Sport

Ruch rozbAVIA towarzystwo

Chorzowianie prowadzili w Świdniku i wydawało się, że wszystko mają pod kontrolą. Trzecioligowiec strzelił jednak trzy gole i wyrzucił faworyta z Pucharu Polski!

To zdjęcie wyraża więcej niż tysiąc słów. Trzecioligowiec lepszy od Ruchu! Fot. Kacper Pacocha/Press Focus

PUCHAR POLSKI 

Prezes Niebieskich Seweryn Siemianowski świętował wczoraj „Abrahama”, czyli 50. urodziny. Liczył na przyjemny prezent w postaci awansu do 1/16 finału Pucharu Polski. Pojechał nawet do Świdnika, ale srogo się rozczarował.

Gdzie się podział Nono???

Nic nie wskazywało na taki obrót spraw. Do przerwy Ruch prowadził po golu Patryka Szwedzika (rożny Szwocha, zgranie Komora) i nie pozwalał gospodarzom na wiele. Ci może 3-4 razy próbowali narobić trochę szumu w chorzowskiej „szesnastce” zagraniami ze skrzydeł, ale stojący między słupkami Jakub Szymański nie musiał się szczególnie denerwować. Więcej stresu miał jego vis-a-vis Andrzej Sobieszczak, którego w pewnym momencie uratowała poprzeczka, ostemplowana przez Szymona Karasińskiego. W składzie Avii z powodu kontuzji brakowało doświadczonego Damiana Zbozienia, który jest ważnym punktem świdnickiej defensywy, z kolei w ekipie z Górnego Śląska proporcje rezerwowych do wyjściowego składu wynosiły 6:5. Najciekawszy był oczywiście występ Nono, który po raz pierwszy w tym roku wybiegł na boisko i to od razu w pierwszym składzie. Zaczął dobrze. Był pod grą, podawał celnie, kilka razy pokusił się o bardziej skomplikowane zagrania.
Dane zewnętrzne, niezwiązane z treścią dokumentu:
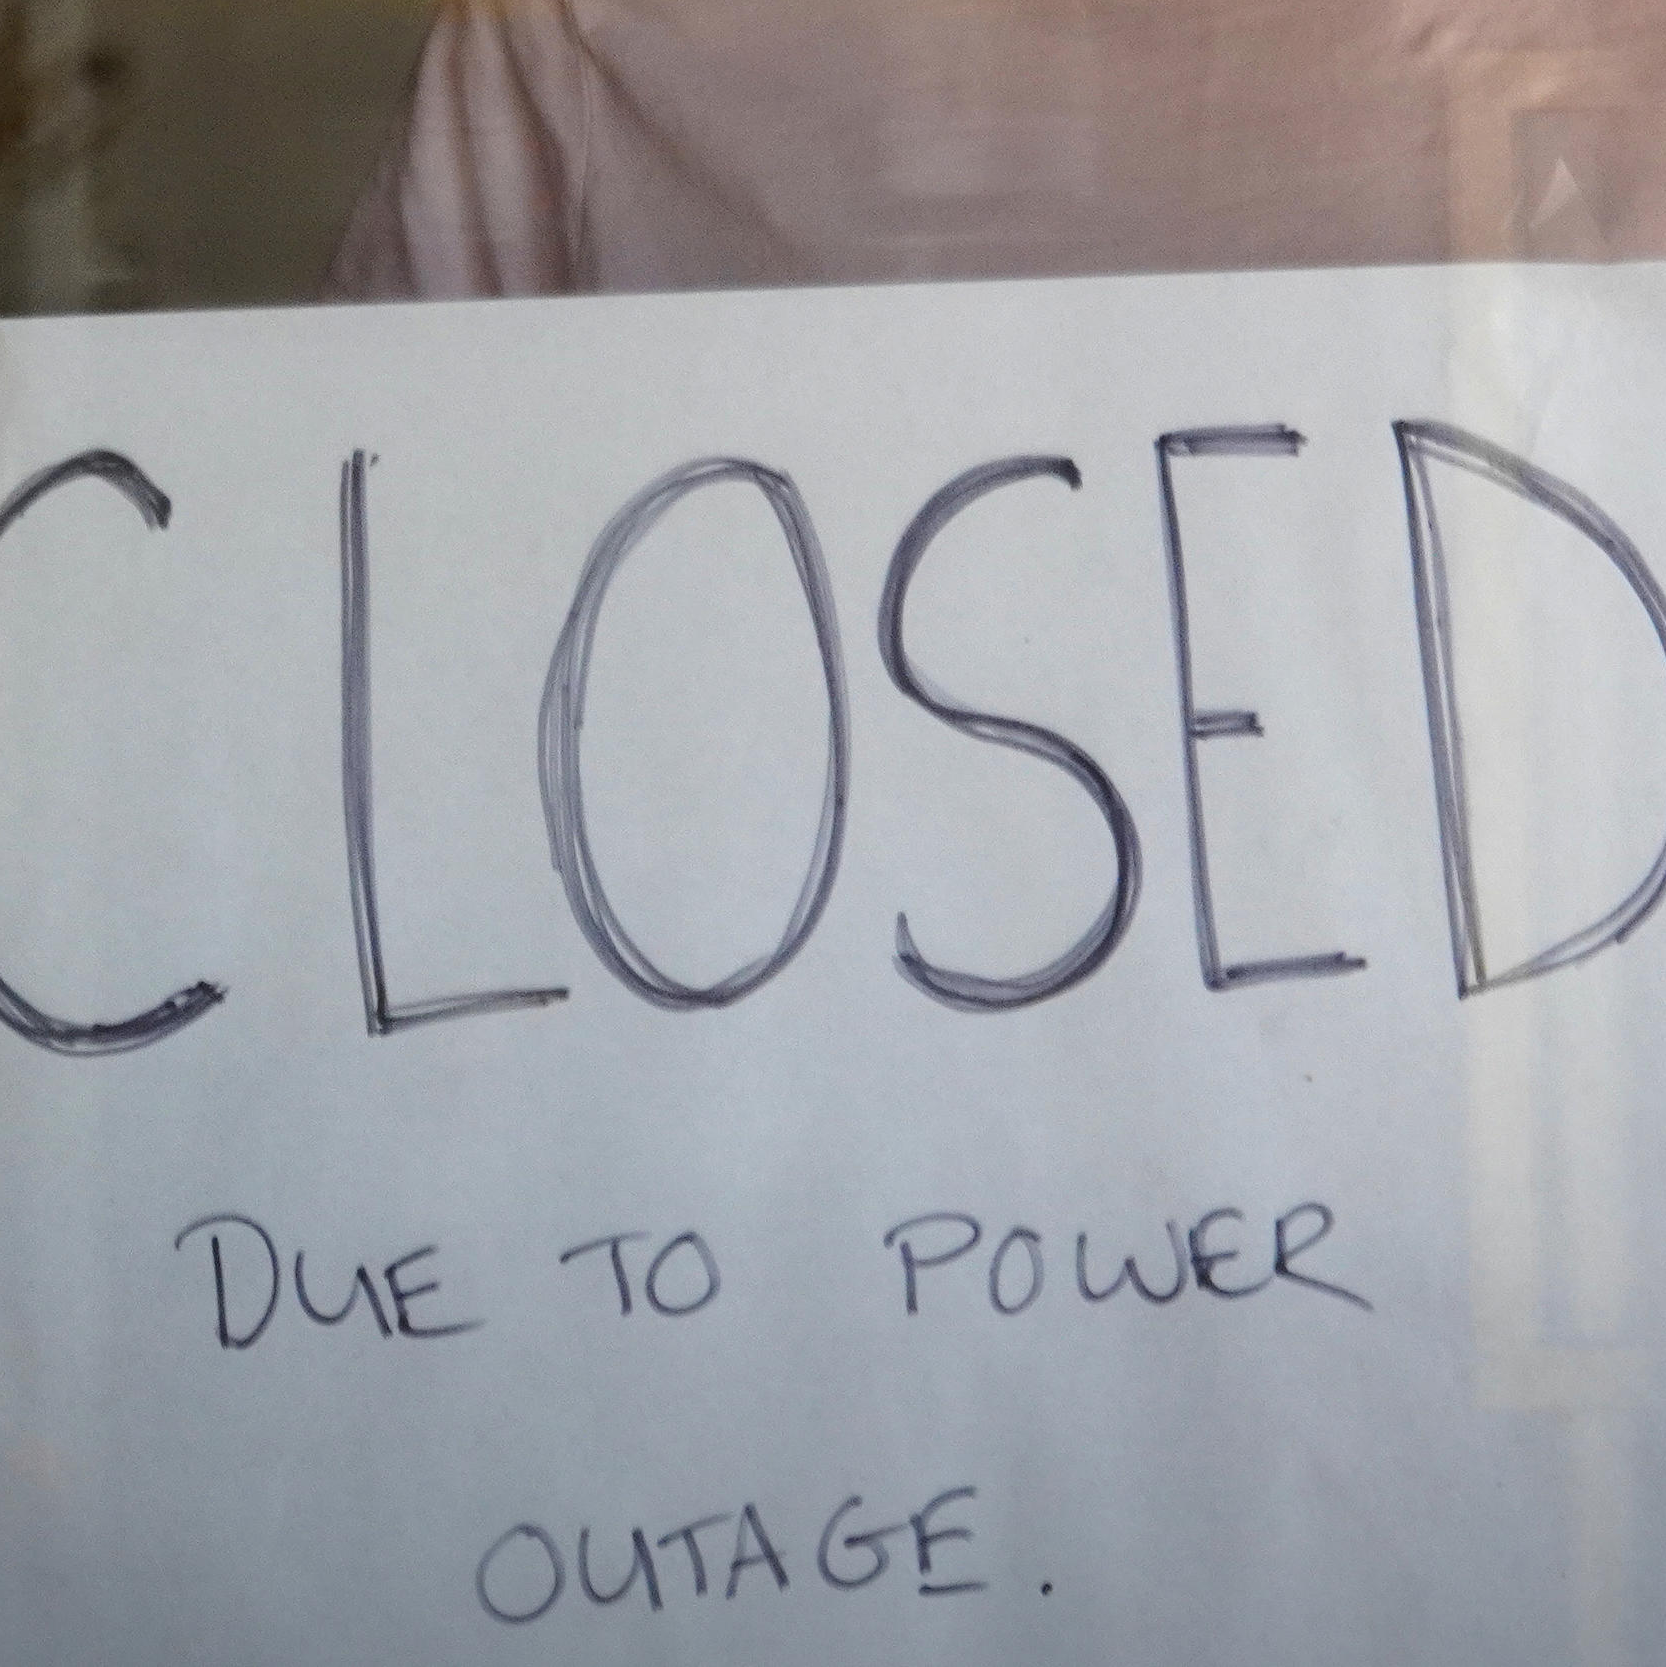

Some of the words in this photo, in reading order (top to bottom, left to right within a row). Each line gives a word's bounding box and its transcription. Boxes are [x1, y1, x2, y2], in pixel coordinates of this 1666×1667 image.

Znakomicie radził sobie z pressingiem graczy Avii i za nic miał tłok, w który czasem zdarzyło mu się wpaść, w pomysłowy i nieszablonowy sposób przekazując w takich sytuacjach piłkę partnerom. Im jednak dalej w mecz, tym gorzej to wyglądało i Nono... znikał. Potem można było zapomnieć, że w ogóle jest na boisku.

Błędy, błędy, błędy...

Po przerwie tak wesoło już dla gości nie było. Prawie w tym samym momencie co przed rokiem świdniczanie wyrównali. W 61 minucie Szwedzik nie przypilnował wahadłowego Avii, Anglika o angolskim pochodzeniu Dave'a Assuncao, który przejął dośrodkowanie i wystawił futbolówkę na linię pola karnego do Szymona Kamińskiego. Szymański w bramce nawet nie drgnął. Chorzowianie nie byli w stanie odpowiedzieć. Sygnał ostrzegawczy otrzymali w 70 minucie, gdy Martin Konczkowski – w meczu z Avią kapitan Ruchu – w ostatniej chwili wyciągnął nogę spod szarżującego Andrija Remeniuka, dzięki czemu nie było faulu i rzutu karnego. Cóż jednak z tego, skoro chwilę później fatalny błąd w wyprowadzeniu popełnił Aleksander Komor, a natychmiastową kontrę gospodarzy sfinalizował Dominik Pisarek!

Zaświeciło słońce

Trener Waldemar Fornalik wpuszczał do gry kolejnych graczy podstawowego składu, ale niewiele to dawało. Najlepszą okazję Ruch miał w 83 minucie po „dwustrzale” Komora i Andreja Lukicia po rzucie rożnym. Ostatnie słowo należało jednak do Avii, która ponownie skontrowała, a na 3:1 trafił jej najbardziej rozpoznawalny gracz, kojarzony głównie z Wisłą Kraków Patryk Małecki. Tym samym świdniczanie prawie rok po porażce 1:3 zrewanżowali się Niebieskim i sami wygrali takim stosunkiem bramek. Rok temu nad Świdnikiem było szaro, buro i ponuro, wczoraj świeciło słońce. Już wiemy, że dla trzecioligowca! Chorzowianom zaś pozostała rola zespołu, który porażką z dużo niżej notowanym rywalem rozbAVIA pucharowe towarzystwo... 

Piotr Tubacki

◼  Avia Świdnik – Ruch Chorzów 3:1 (0:1)

0:1 – Szwedzik, 21 min, 1:1 – Kamiński, 61 min, 2:1 – Pisarek, 74 min, 3:1 – Małecki, 90+1 min

AVIA: Sobieszczyk – Assuncao (67. Kalinowski), Dobrzyński, Kursa, Rozmus (81. Orzechowski), Remeniuk – Zuber (77. Pigiel), Kamiński (67. Popiołek), Uliczny, Małecki – Pisarek. Trener Wojciech SZACOŃ.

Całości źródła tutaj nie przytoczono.